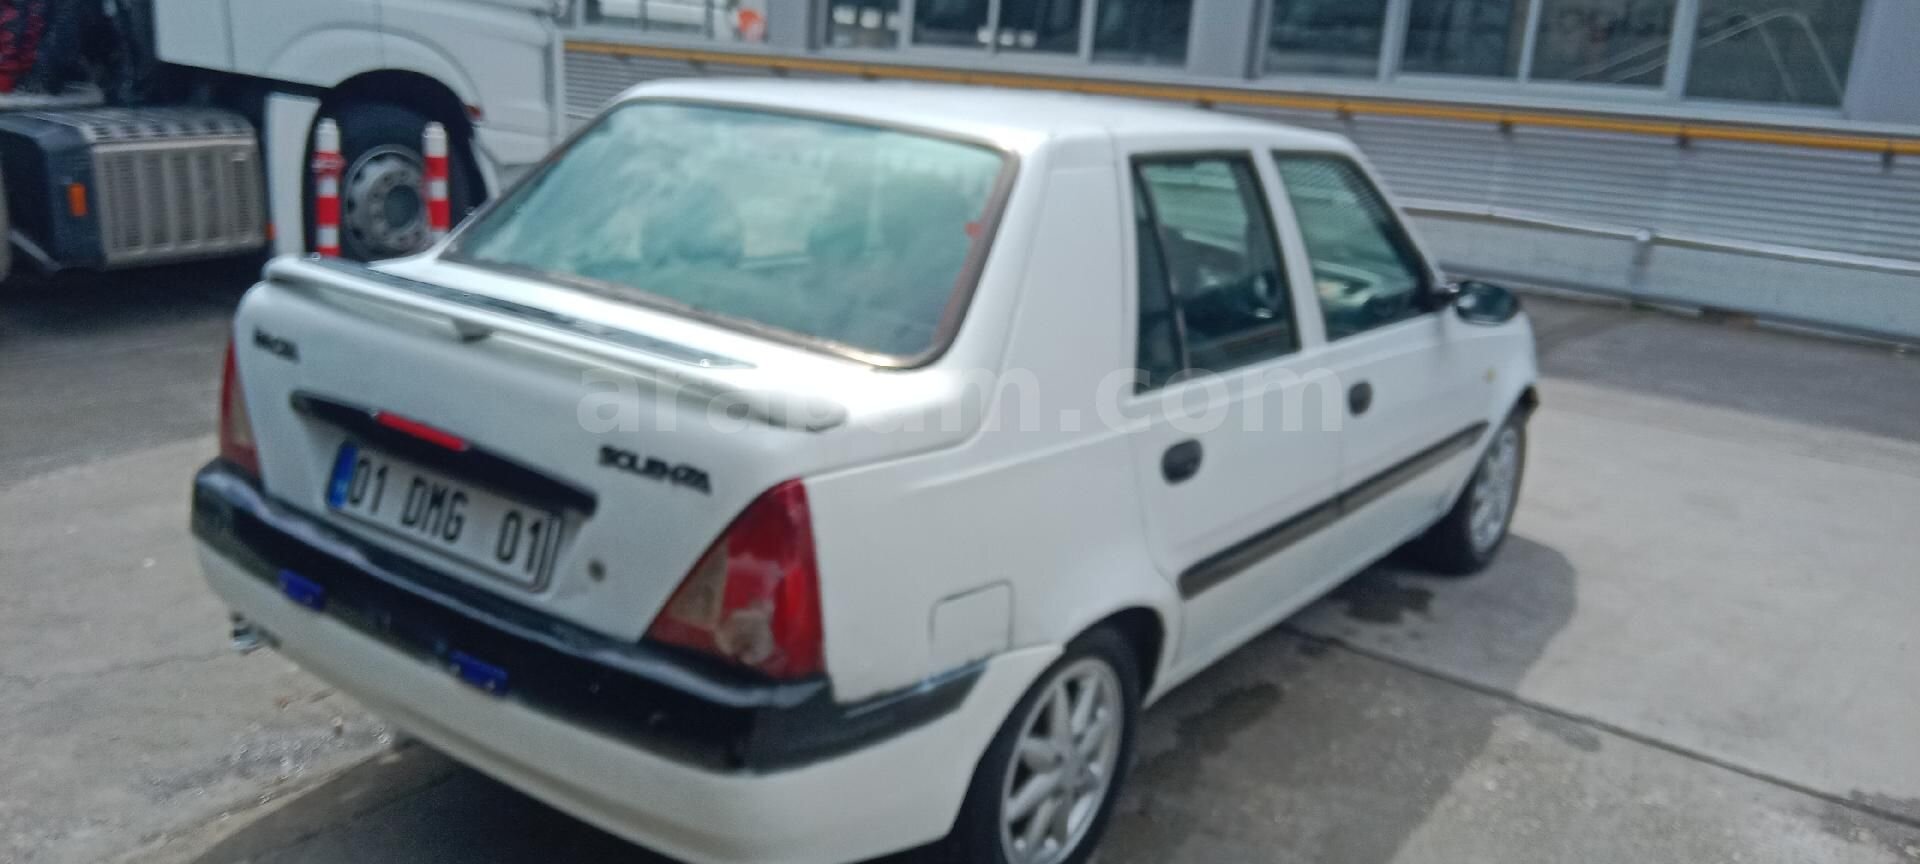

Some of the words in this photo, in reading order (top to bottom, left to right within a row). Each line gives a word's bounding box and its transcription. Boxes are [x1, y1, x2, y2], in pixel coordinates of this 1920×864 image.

[350, 457, 388, 513] 01
[402, 476, 468, 542] DMG
[497, 510, 541, 574] 01
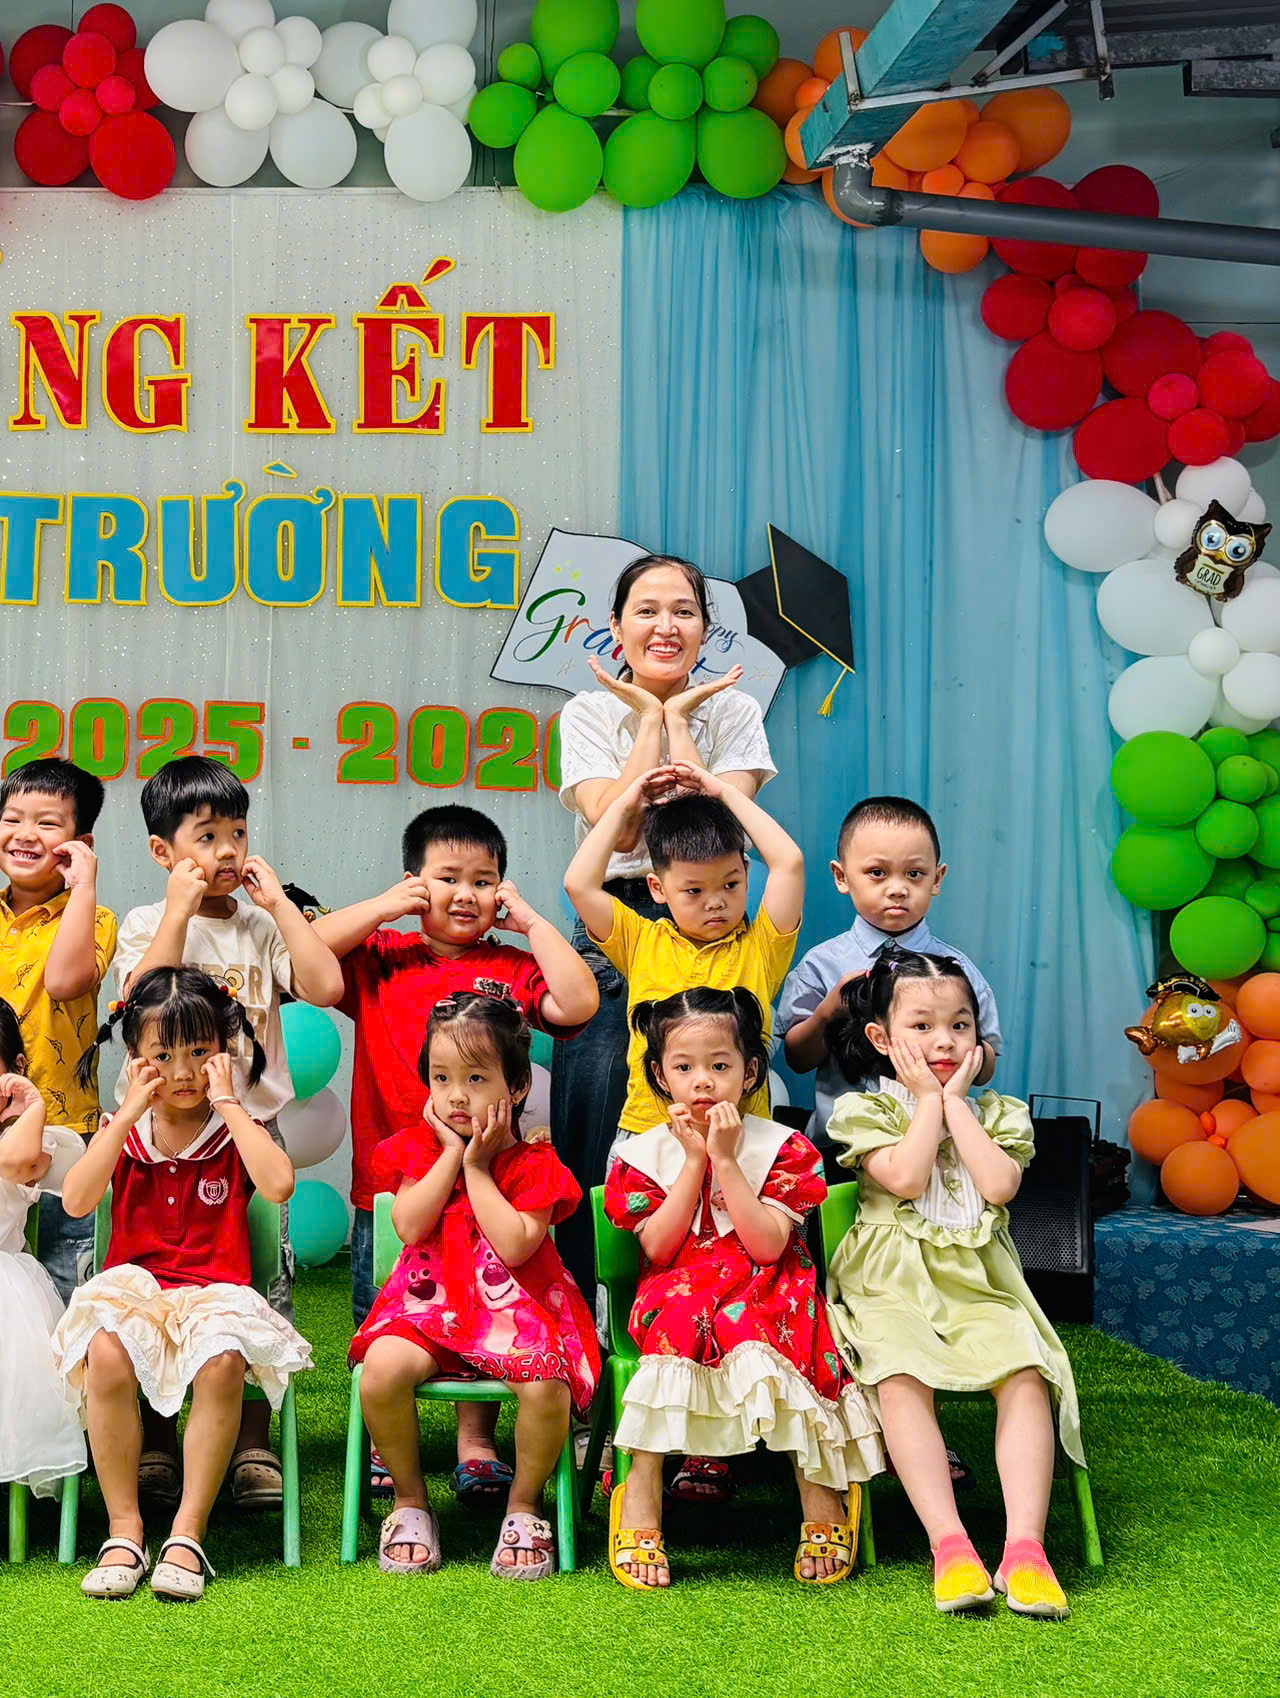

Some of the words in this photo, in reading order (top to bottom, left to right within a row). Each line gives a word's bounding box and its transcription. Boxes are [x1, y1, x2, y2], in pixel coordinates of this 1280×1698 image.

[243, 256, 556, 436] KẾT
[0, 697, 266, 784] 2025
[336, 701, 564, 793] 202
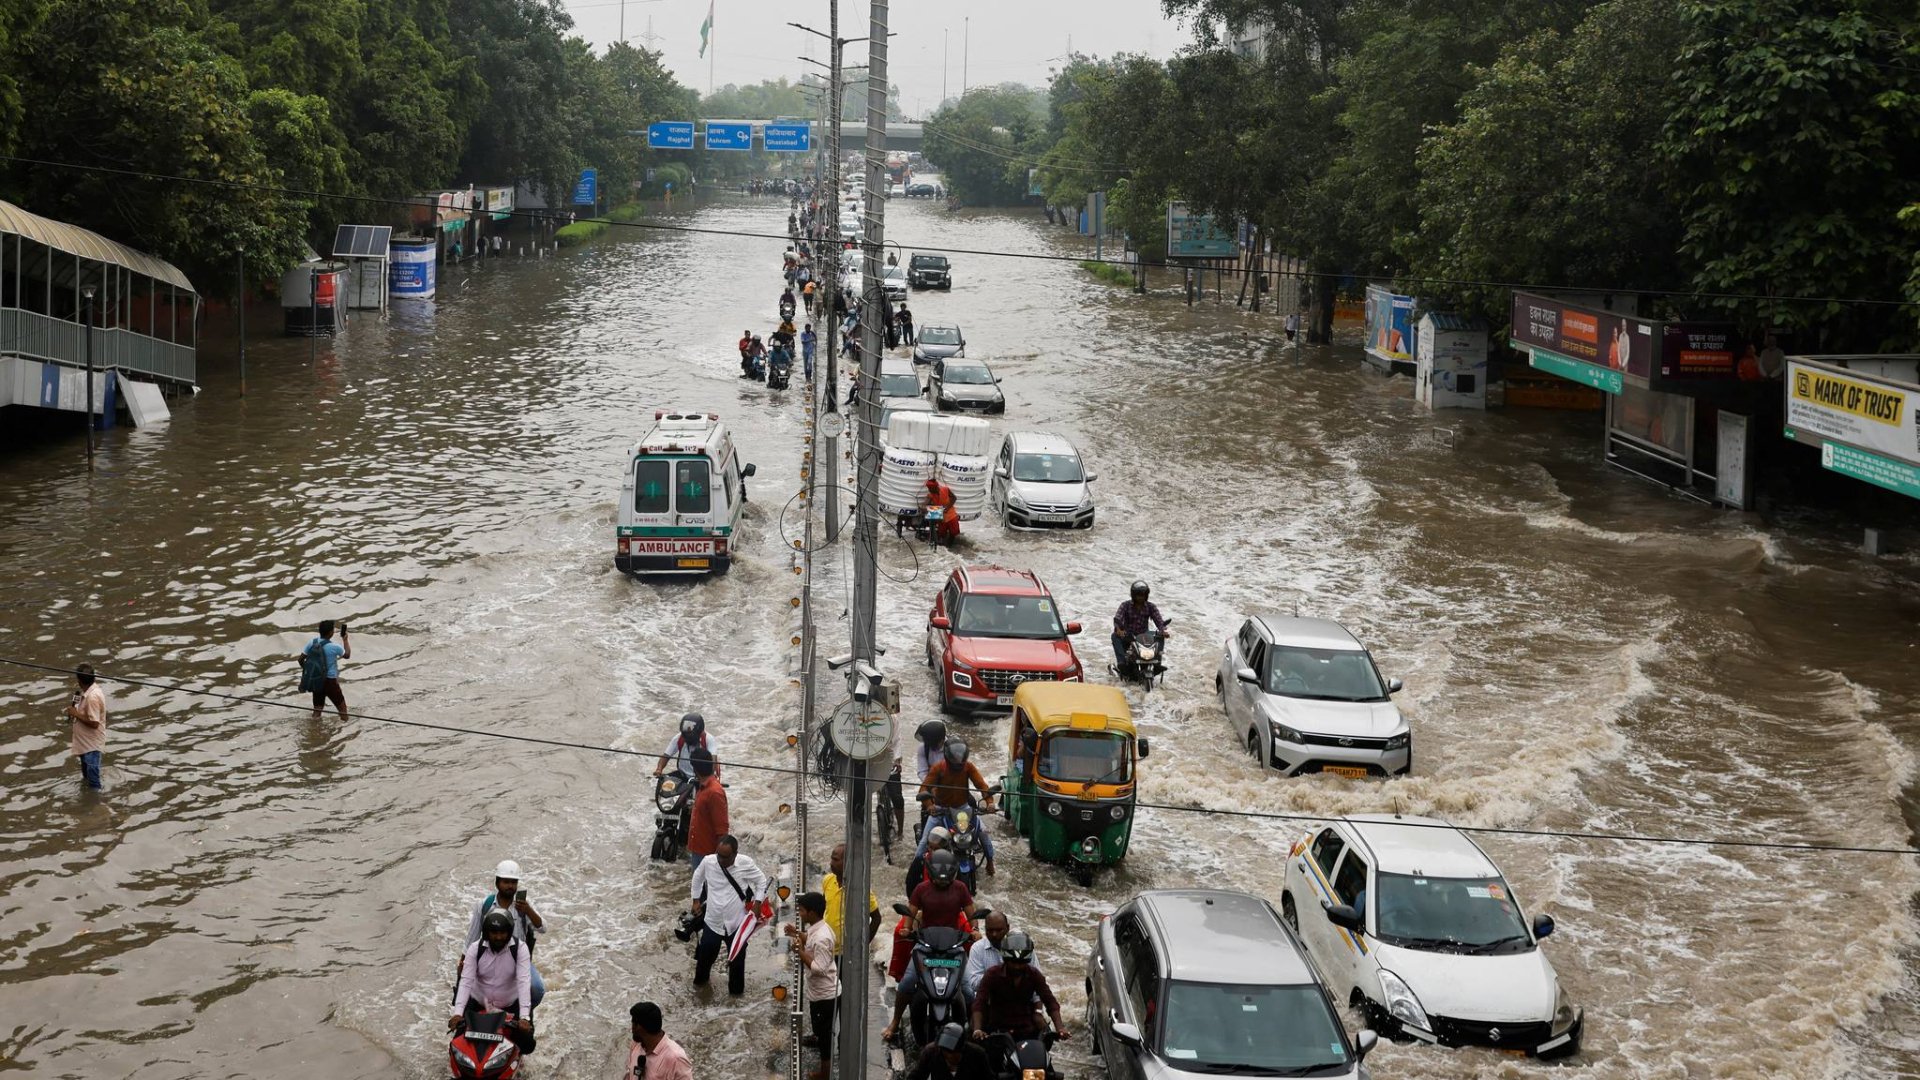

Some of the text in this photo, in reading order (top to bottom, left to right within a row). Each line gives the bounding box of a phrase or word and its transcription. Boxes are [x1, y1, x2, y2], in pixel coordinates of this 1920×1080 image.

[667, 136, 690, 144] Rajghat
[1814, 378, 1846, 407] MARK
[1847, 386, 1863, 411] OF
[1863, 391, 1901, 421] TRUST
[889, 457, 915, 467] PLASTO
[942, 461, 969, 472] PLASTO
[638, 542, 710, 553] AMBULANCE
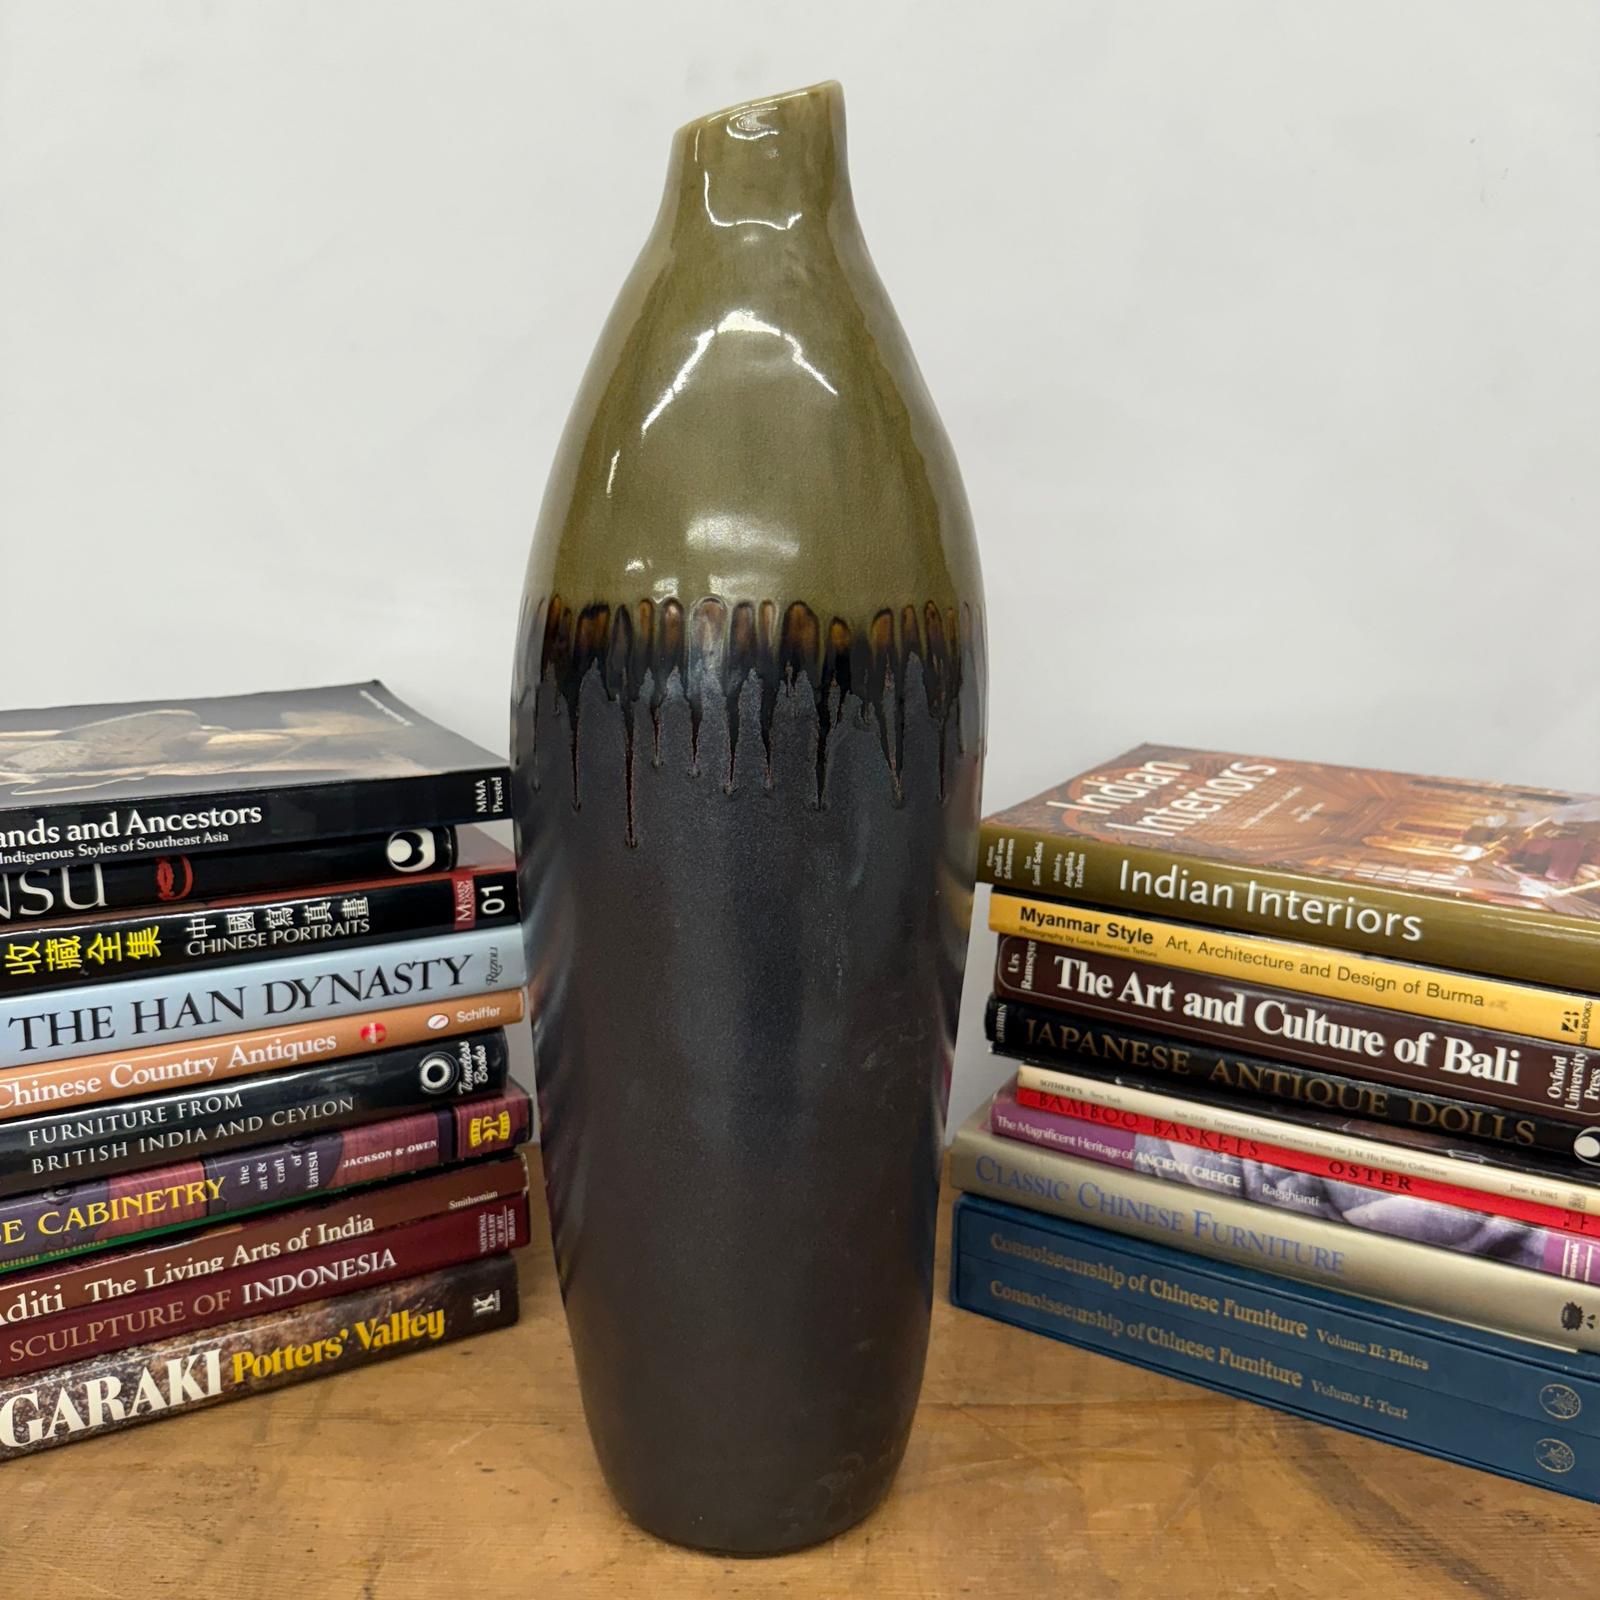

* * * *

Problem description: Once the pictures are dropped, repeat the data above exactly.

Solution:
Some of the words in this photo, in reading order (top to bottom, left to right within a row). Each line gives a word's bounding box and its transcription. Boxes are [x1, y1, x2, y2], in pixel coordinates of this 1920×864 image.

[350, 457, 388, 513] 01
[402, 476, 468, 542] DMG
[497, 510, 541, 574] 01

Some of the words in this photo, in reading order (top to bottom, left to right within a row). Each line gives a word's bounding box and its transcription. Boxes are [x1, y1, x2, y2], in pixel coordinates of this 1280×1698 image.

[243, 256, 556, 436] KẾT
[0, 697, 266, 784] 2025
[336, 701, 564, 793] 202

Some of the text in this photo, in reading order (top to bottom, left to right within a row). Each line gives the bounding box of a phrase or word and its transcription. Boxes are [x1, y1, x2, y2], in pixel coordinates of this 1920×1080 image.

[667, 136, 690, 144] Rajghat
[1814, 378, 1846, 407] MARK
[1847, 386, 1863, 411] OF
[1863, 391, 1901, 421] TRUST
[889, 457, 915, 467] PLASTO
[942, 461, 969, 472] PLASTO
[638, 542, 710, 553] AMBULANCE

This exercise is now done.